## What is needed
Write out exactly every line from the one containing "this 1080×1920 image." through the final line of the material below, both included. Pictures are to be skipped.

## Task material

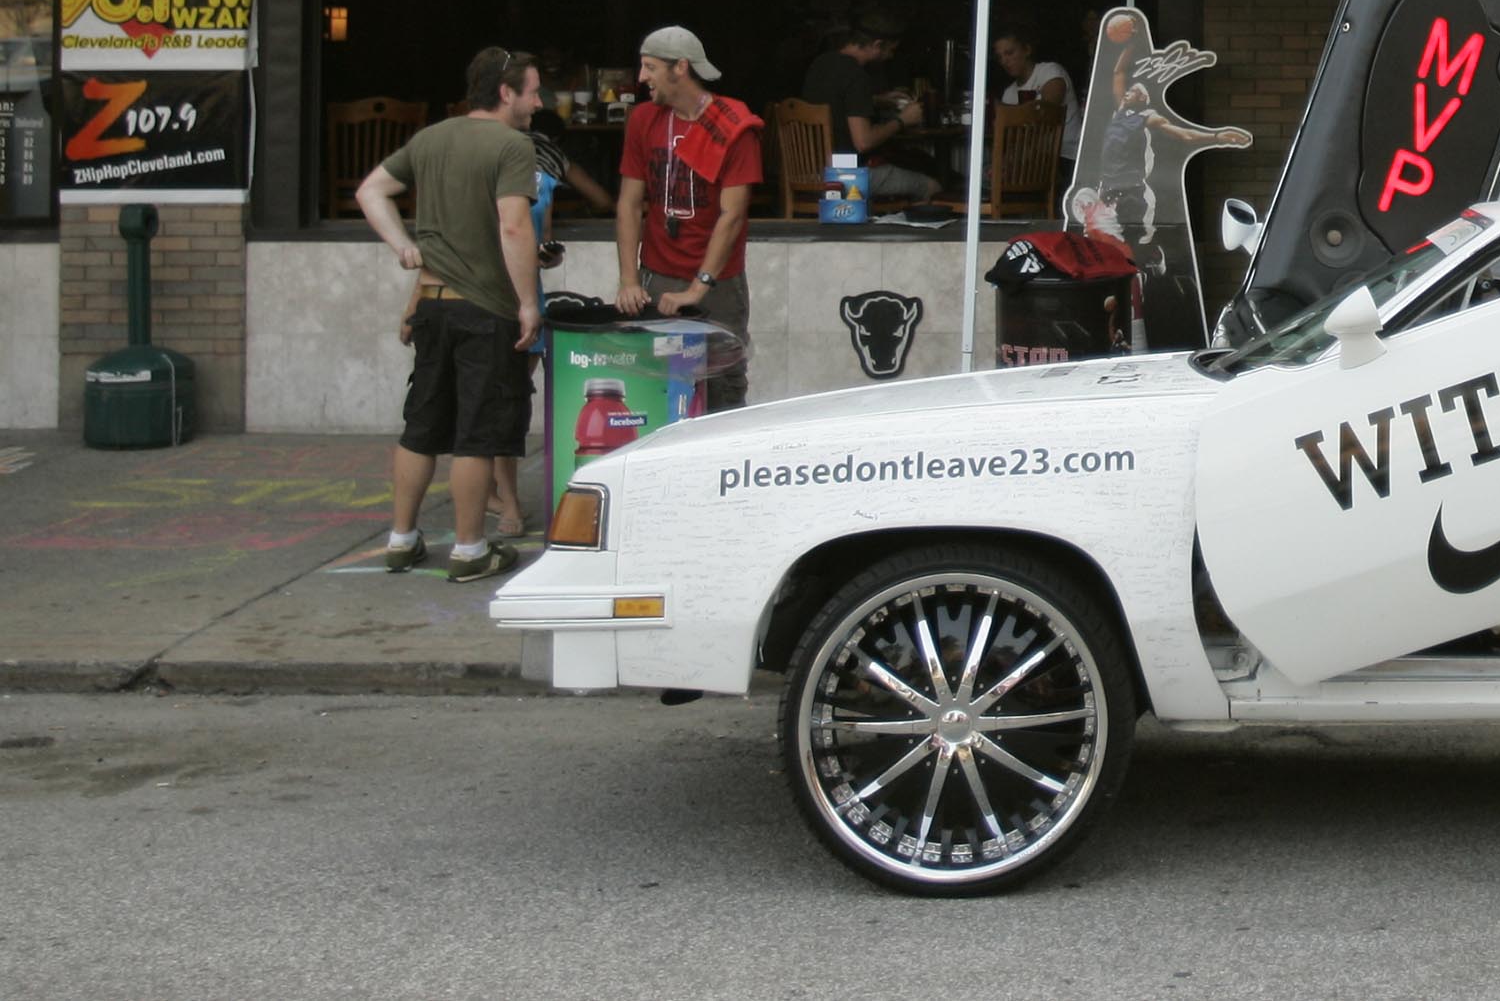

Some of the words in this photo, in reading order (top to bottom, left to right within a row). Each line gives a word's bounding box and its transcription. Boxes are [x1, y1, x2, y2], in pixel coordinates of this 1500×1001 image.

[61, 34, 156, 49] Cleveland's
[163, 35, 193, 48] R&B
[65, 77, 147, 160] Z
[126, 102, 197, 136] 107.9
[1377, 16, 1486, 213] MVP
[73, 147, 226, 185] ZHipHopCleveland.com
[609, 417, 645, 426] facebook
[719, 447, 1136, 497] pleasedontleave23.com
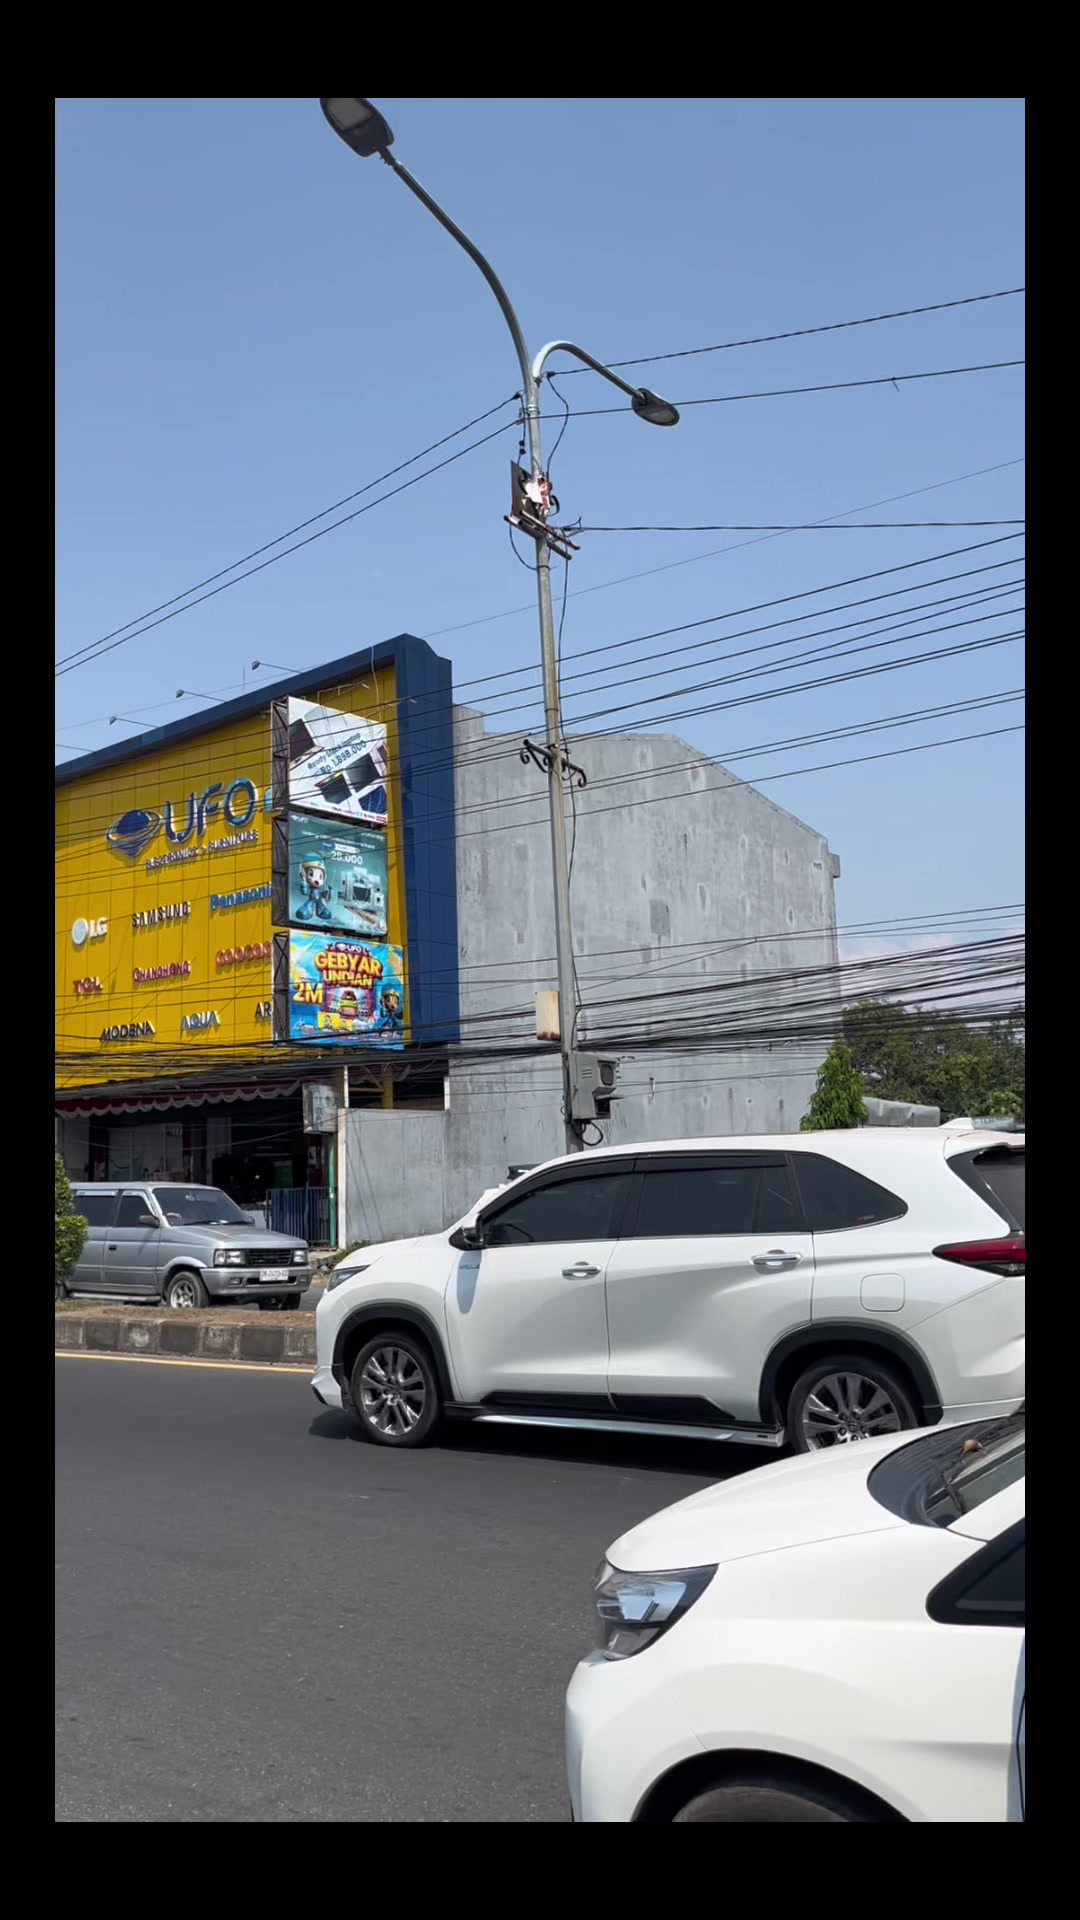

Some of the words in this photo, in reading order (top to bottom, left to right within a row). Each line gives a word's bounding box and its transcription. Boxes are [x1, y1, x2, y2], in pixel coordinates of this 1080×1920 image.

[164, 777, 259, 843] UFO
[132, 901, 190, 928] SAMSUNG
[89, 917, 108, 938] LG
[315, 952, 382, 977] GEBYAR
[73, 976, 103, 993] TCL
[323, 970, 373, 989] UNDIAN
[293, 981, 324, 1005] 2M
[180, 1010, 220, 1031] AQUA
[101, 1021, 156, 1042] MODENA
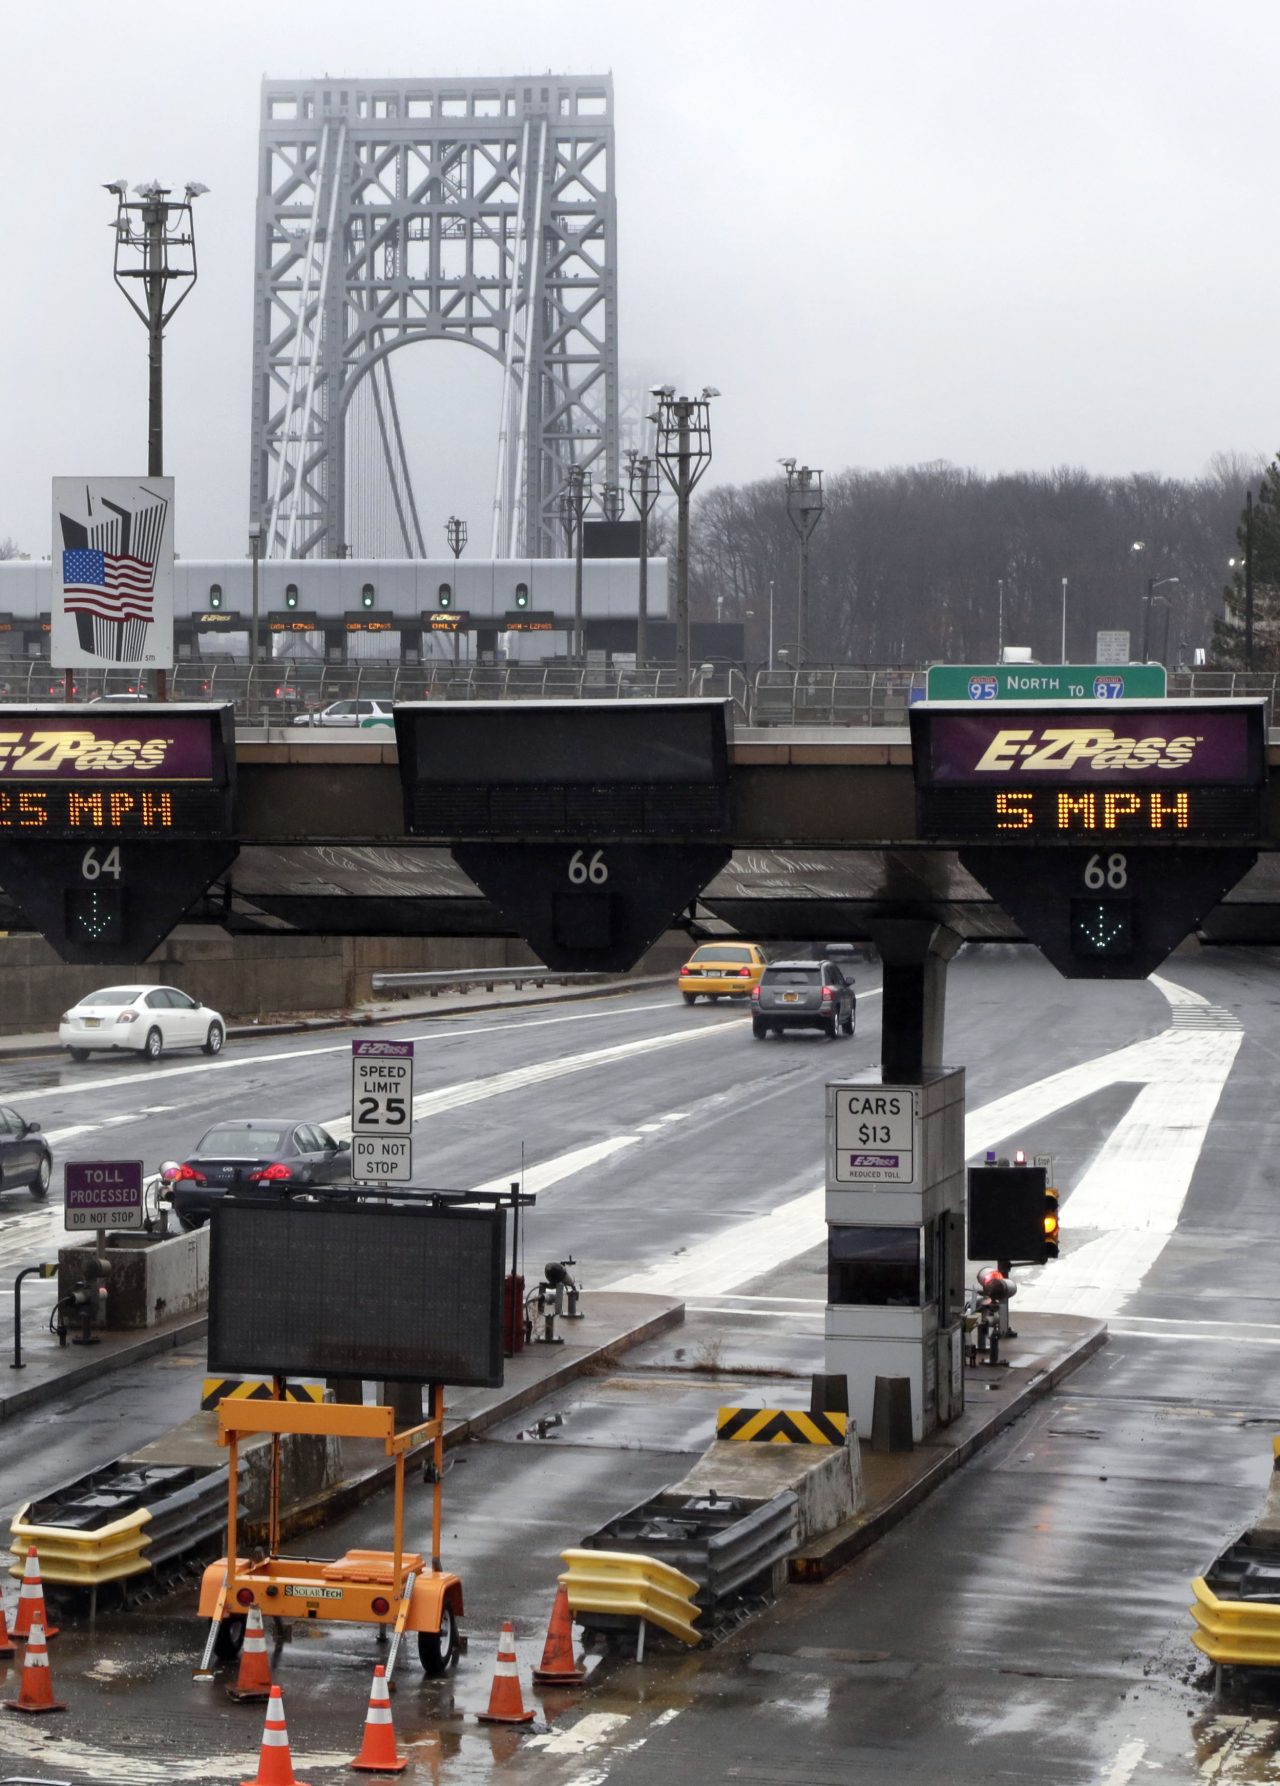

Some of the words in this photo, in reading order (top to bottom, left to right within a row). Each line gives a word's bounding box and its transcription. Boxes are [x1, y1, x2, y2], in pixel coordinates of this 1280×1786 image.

## Task response
Some of the words in this photo, in reading order (top to bottom, left to right within a row). Each line gives a word's bounding box and its transcription. Boxes are [x1, y1, x2, y2], in pixel coordinates of this 1080×1920 image.

[164, 777, 259, 843] UFO
[132, 901, 190, 928] SAMSUNG
[89, 917, 108, 938] LG
[315, 952, 382, 977] GEBYAR
[73, 976, 103, 993] TCL
[323, 970, 373, 989] UNDIAN
[293, 981, 324, 1005] 2M
[180, 1010, 220, 1031] AQUA
[101, 1021, 156, 1042] MODENA

Some of the words in this photo, in reading order (top to bottom, left to right within a row). Each line gives a word's bounding box and its transcription. Boxes are [x1, y1, x2, y2], in pixel coordinates of this 1280×1786 image.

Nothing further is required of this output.